SIU to present budget proposal

By Gus Bode

SIU officials will present the system’s fiscal year 2008 budget to the Illinois House of Representative’s higher education committee in Springfield today.

SIU President Glenn Poshard will present SIU’s budget and discuss the university’s financial needs and priorities.

“We made it very clear that our priority is to try to get as much of an increase in operating funds as possible,” Poshard said Thursday evening while waiting to meet with a member of the committee prior to the hearing.


The university is requesting a 3 percent boost in money for daily operations, but state officials have called that number unrealistic, Poshard said.

He said SIU has no way of knowing what it will receive.

“We don’t expect more than 1.5 to 2 percent in operations increases,” Poshard said.

Budget hearings were slated for Feb. 16, but a winter storm through central Illinois that brought more than 10 inches of snow shut the legislature down.

Gov.
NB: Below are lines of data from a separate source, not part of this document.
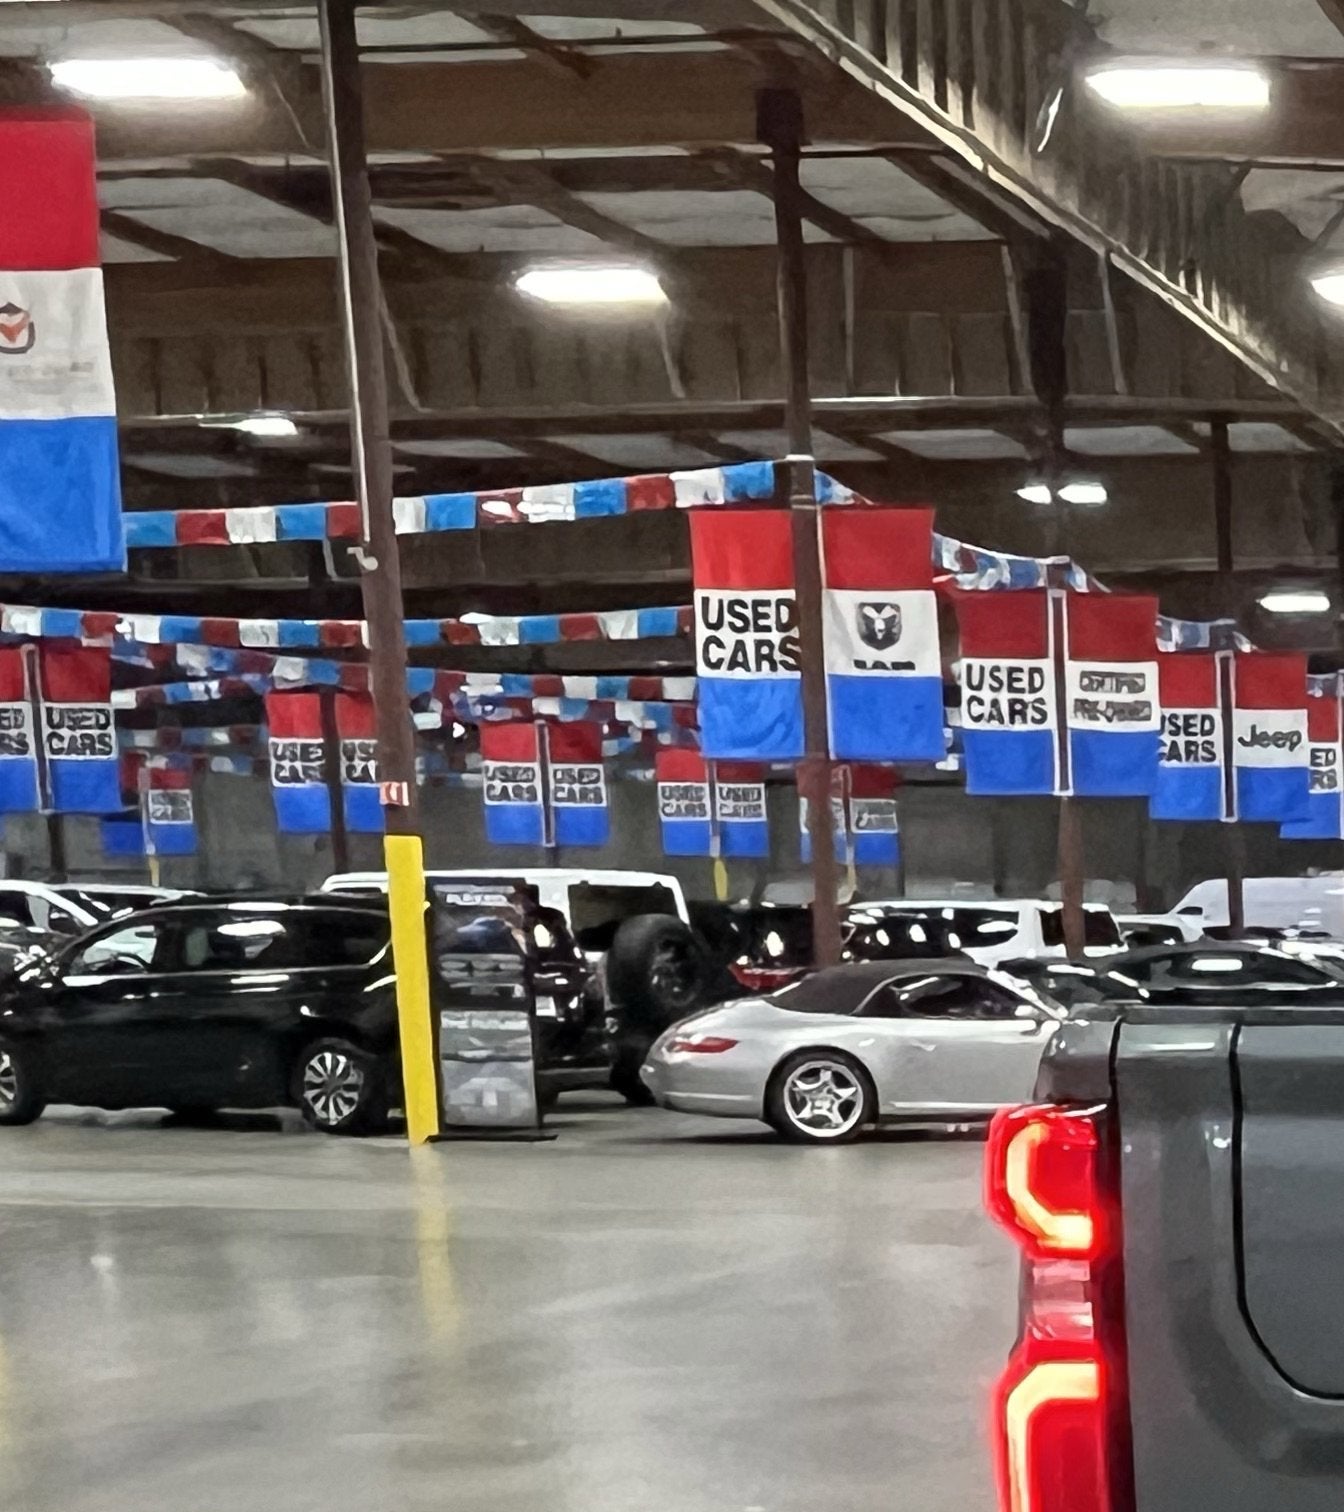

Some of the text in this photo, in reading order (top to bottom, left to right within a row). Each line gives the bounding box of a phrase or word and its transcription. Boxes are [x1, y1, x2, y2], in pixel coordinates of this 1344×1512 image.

[701, 596, 797, 633] USED
[702, 635, 801, 672] CARS
[966, 663, 1044, 693] USED
[967, 695, 1048, 724] CARS
[47, 732, 113, 755] CARS
[1159, 740, 1217, 762] ARS
[1237, 724, 1302, 752] Jeep
Rod Blagojevich also requested additional time to prepare his budget speech, moving it from Feb. 21 to March 7, said David Gross, executive assistant to the president for government relations.

He said the Illinois House of Representatives decided to proceed with budget hearings to stay on schedule for its May adjournment.
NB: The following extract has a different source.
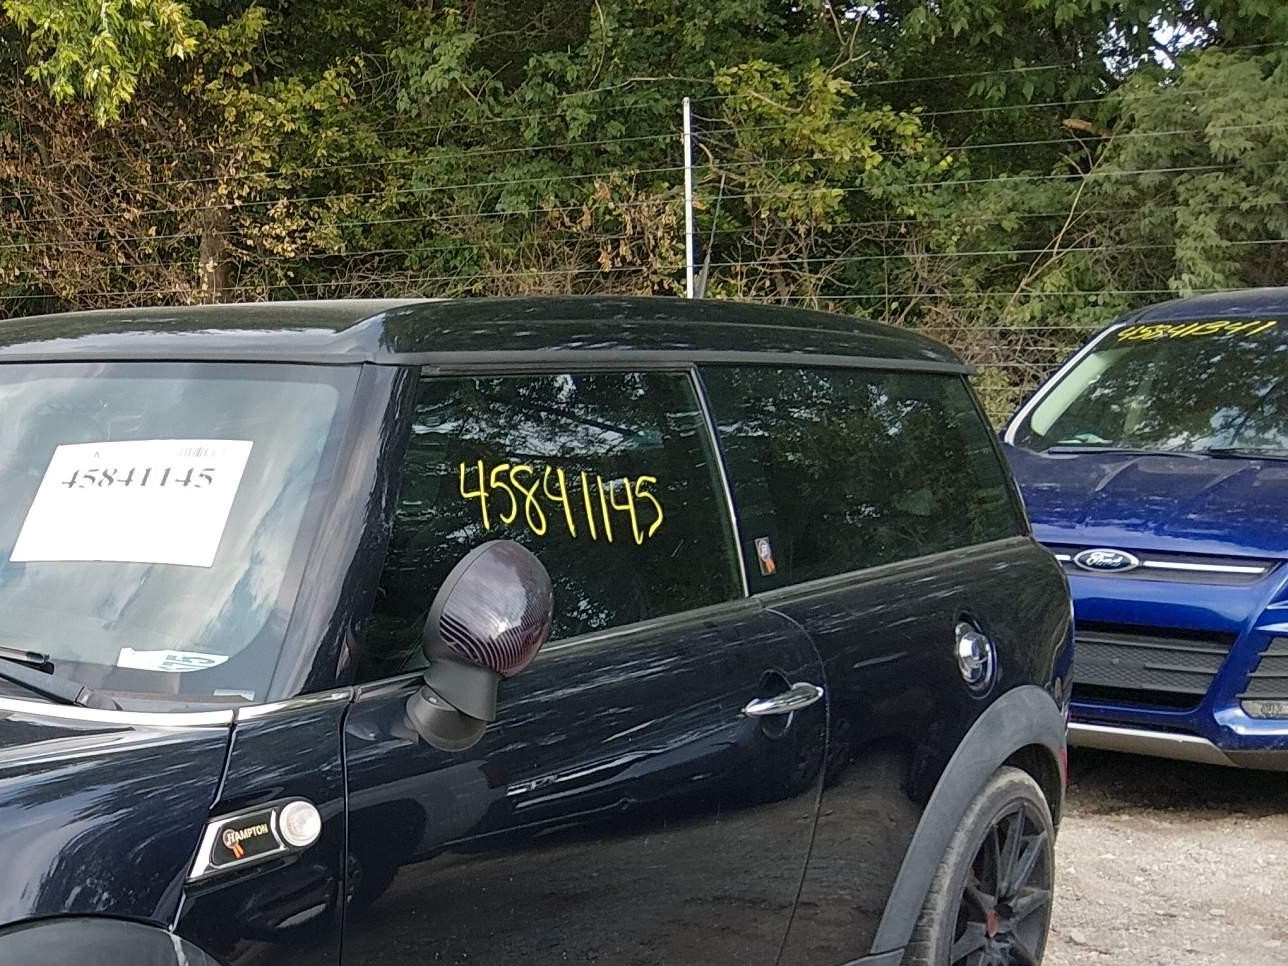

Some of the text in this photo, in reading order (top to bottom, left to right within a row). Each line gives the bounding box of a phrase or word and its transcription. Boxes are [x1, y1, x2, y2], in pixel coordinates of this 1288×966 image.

[62, 465, 217, 489] 45841145
[458, 459, 665, 545] 45841145
[226, 823, 269, 845] HAMPTON
“It’s a bit unusual to have our budget heard before the governor’s budget address, but what the House staff has indicated is that they’re willing to take testimony,” Gross said.


Poshard said the system’s largest requests meant to garner the maximum operations increase possible.

SIU received the largest operations increase in 2006 at 1.9 percent. All other Illinois schools got a 1.5 percent increase.

The extra .4 percent was awarded for a new lab at the SIU School of Medicine in Springfield.

All Illinois schools are pushing for a capital bill, Poshard said, adding that the last capital bill passed four or five years ago.

Deferred maintenance has also caused all schools to ask for money to update buildings and equipment, Poshard said.

According to Poshard, the biggest parts of the budget are operations, capital, deferred maintenance and as much research funding as possible.

Poshard said working for an increase in scholarship funds for low and middle-income families was equally important. Cuts at the state and federal level have made higher education a difficulty, he said.

“[The cuts] cut more and more students out who would love to come to higher education, and that’s a bad situation,” Poshard said. “I think every university in the state talked to the budget director about this.”

He said education is this country’s biggest strength and not ensuring an education for the middle class would set the country back.

“This is a dangerous road to keep going down,” Poshard said.